▶ **Exercise details**
Nothing but the pictures should be dropped; repeat the rest of the data below exactly.

[Images for object localization]
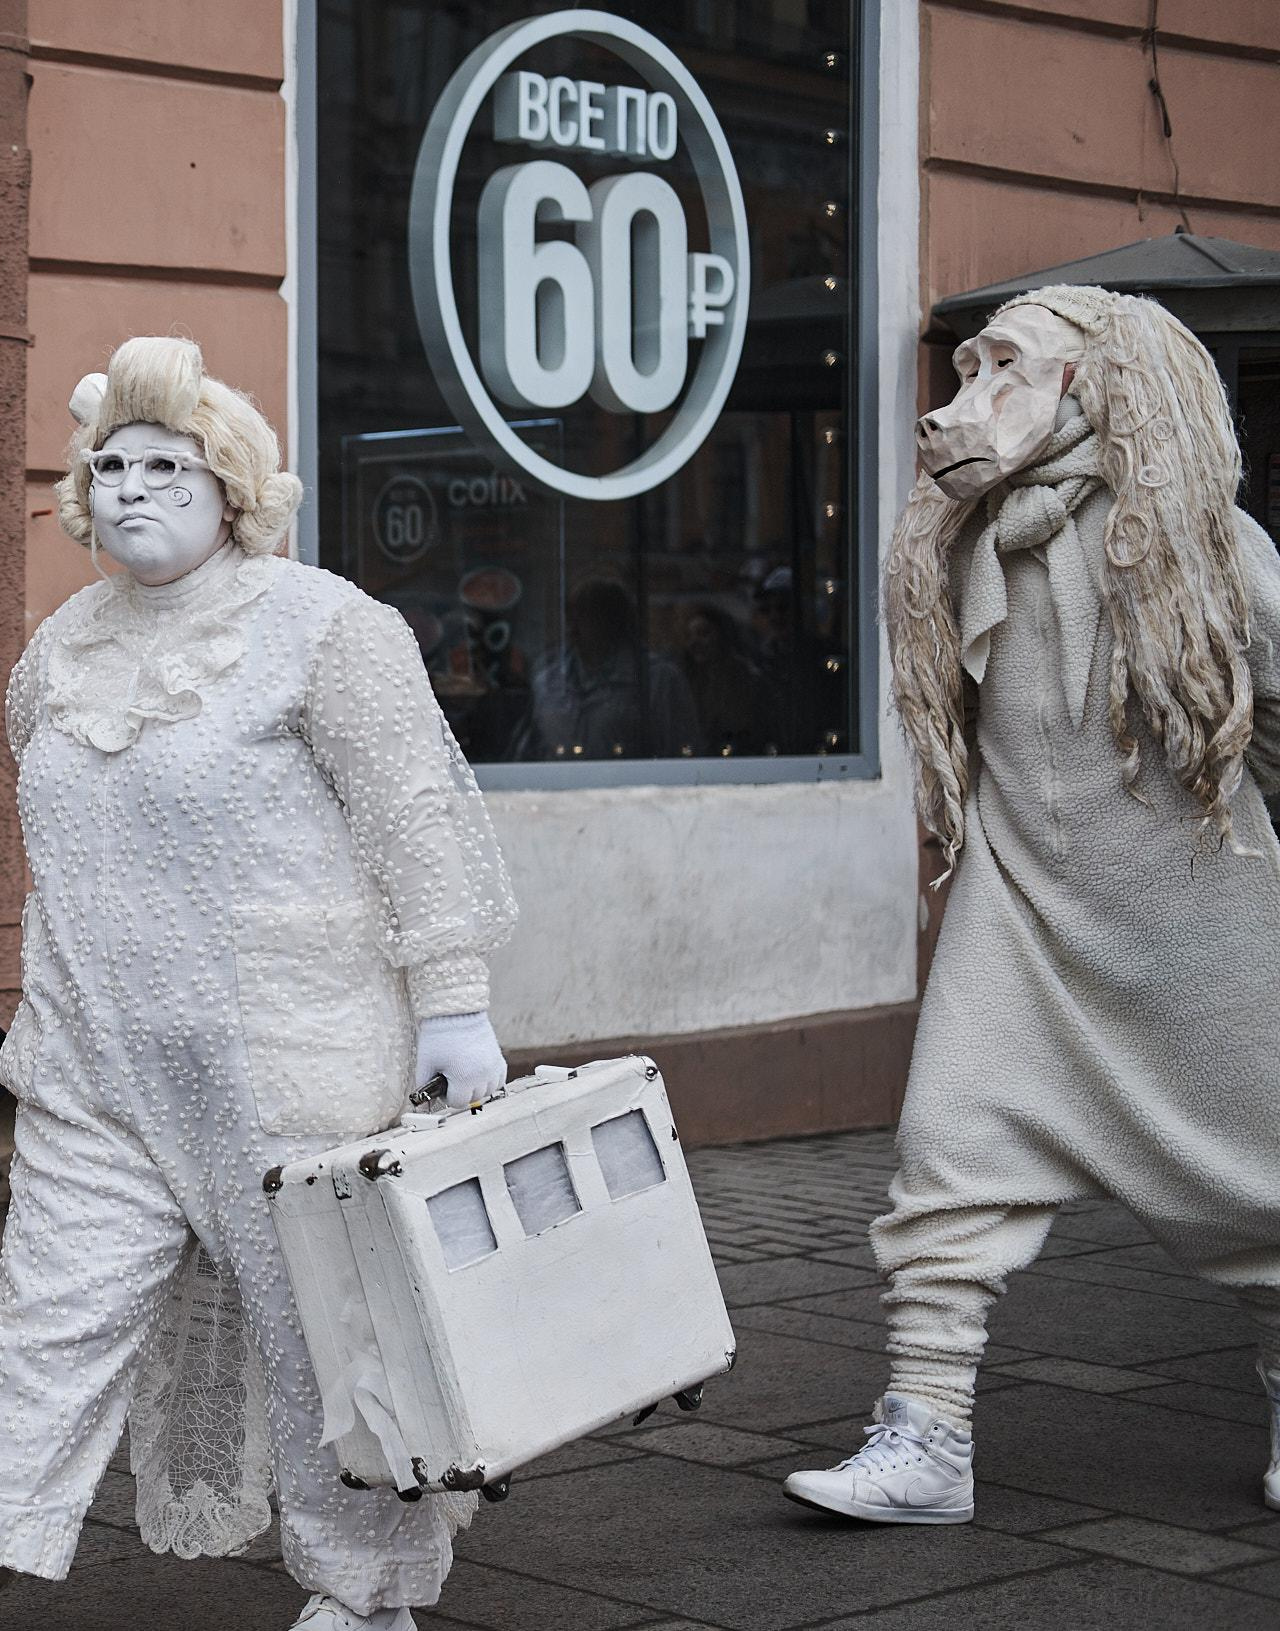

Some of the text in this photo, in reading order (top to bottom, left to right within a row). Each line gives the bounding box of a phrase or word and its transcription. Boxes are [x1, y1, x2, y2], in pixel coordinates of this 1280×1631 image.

[517, 70, 678, 161] ВСЕ ПО
[386, 504, 423, 547] 60
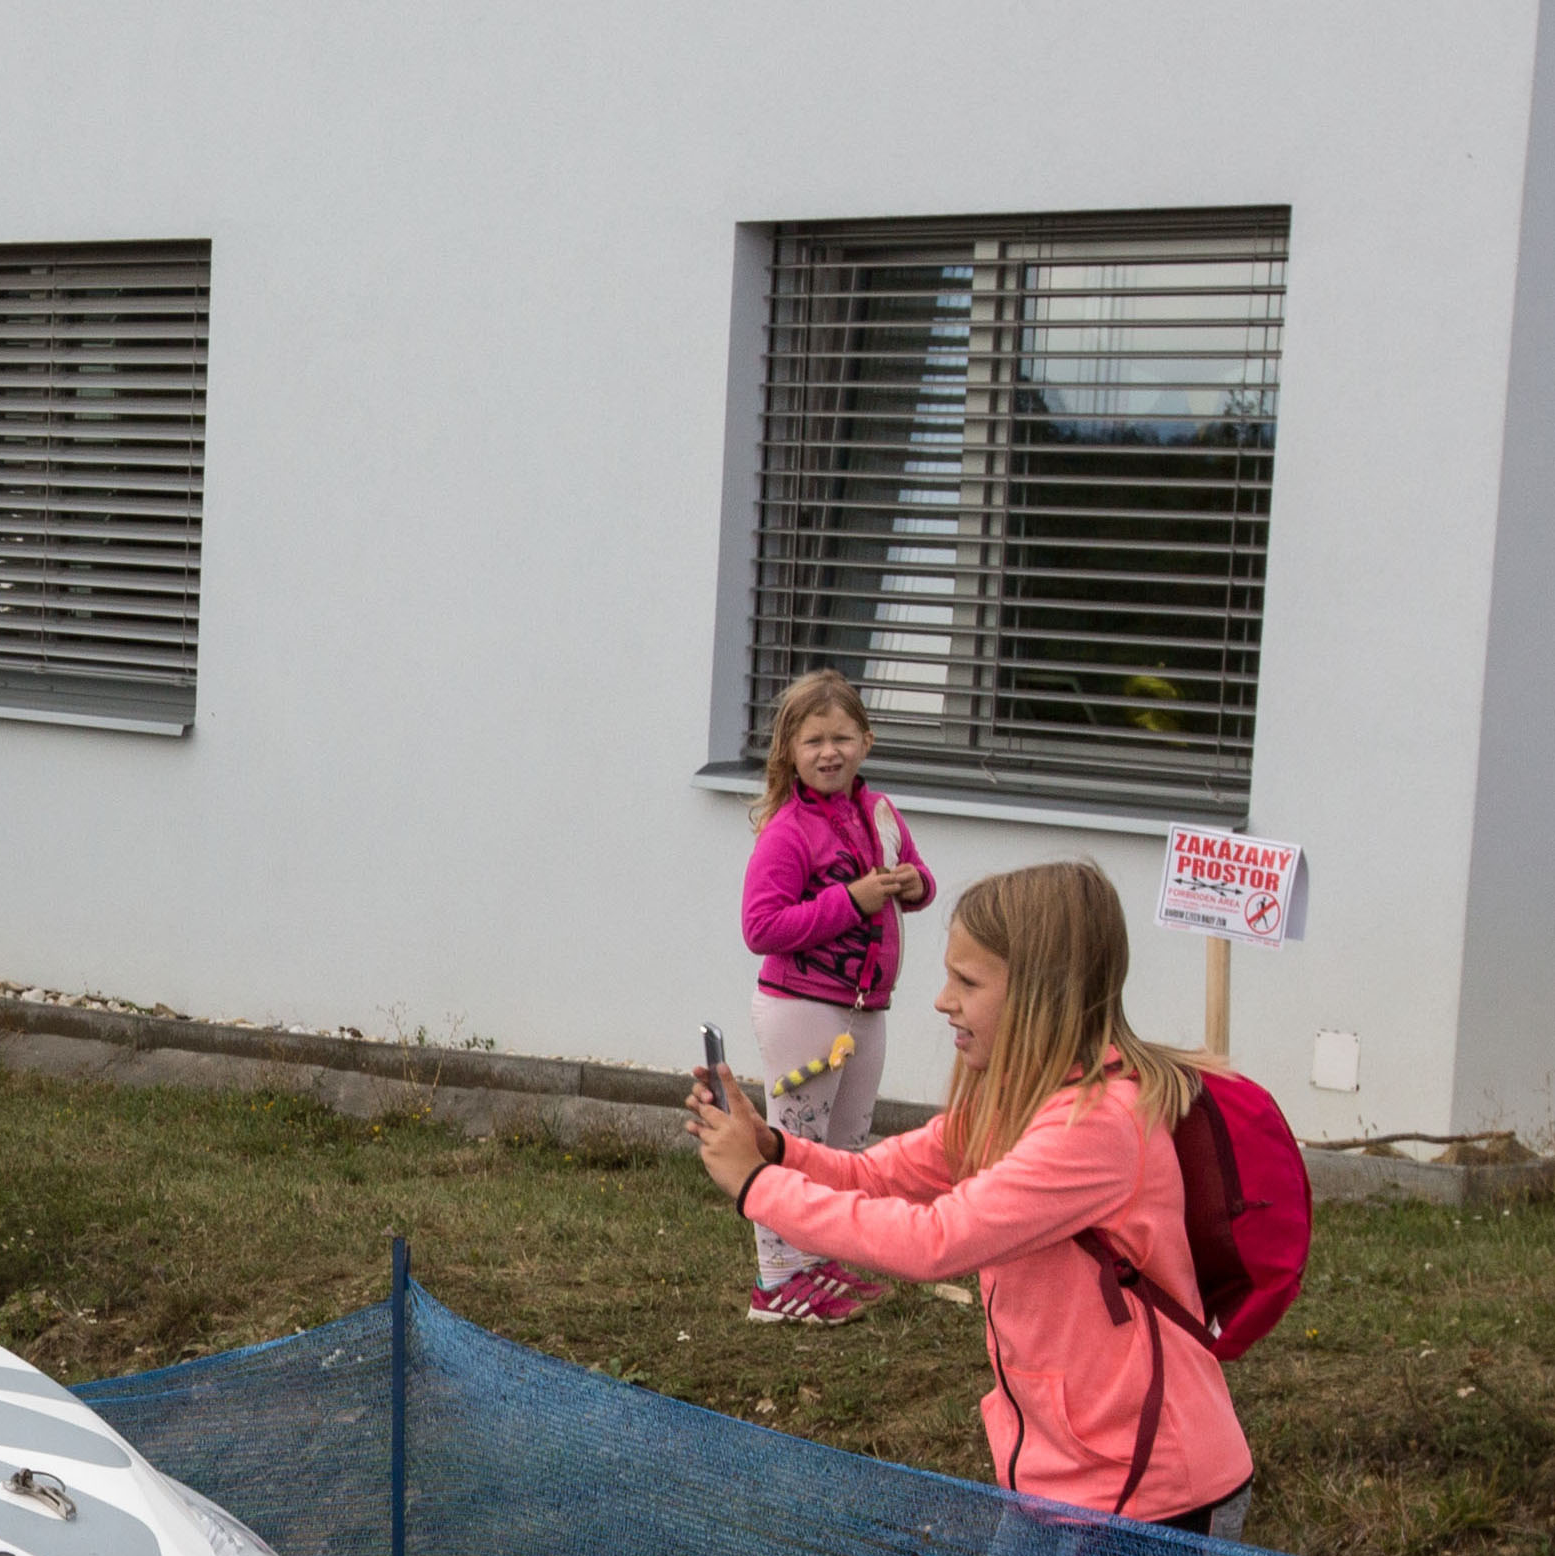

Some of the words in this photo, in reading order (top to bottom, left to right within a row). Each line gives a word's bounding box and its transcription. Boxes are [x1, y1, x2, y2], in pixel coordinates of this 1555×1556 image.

[1175, 832, 1293, 872] ZAKÁZANÝ
[1177, 856, 1281, 892] PROSTOR
[1168, 888, 1216, 904] FORBIDDEN
[1218, 896, 1241, 909] AREA

▶ **Your response**
Some of the text in this photo, in reading order (top to bottom, left to right within a row). Each line gives the bounding box of a phrase or word and its transcription. Boxes are [x1, y1, x2, y2], in pixel coordinates of this 1280×1631 image.

[517, 70, 678, 161] ВСЕ ПО
[386, 504, 423, 547] 60

Some of the words in this photo, in reading order (top to bottom, left to right within a row). Each line gives a word's bounding box and its transcription. Boxes are [x1, y1, x2, y2], in pixel coordinates of this 1555×1556 image.

[1175, 832, 1293, 872] ZAKÁZANÝ
[1177, 856, 1281, 892] PROSTOR
[1168, 888, 1216, 904] FORBIDDEN
[1218, 896, 1241, 909] AREA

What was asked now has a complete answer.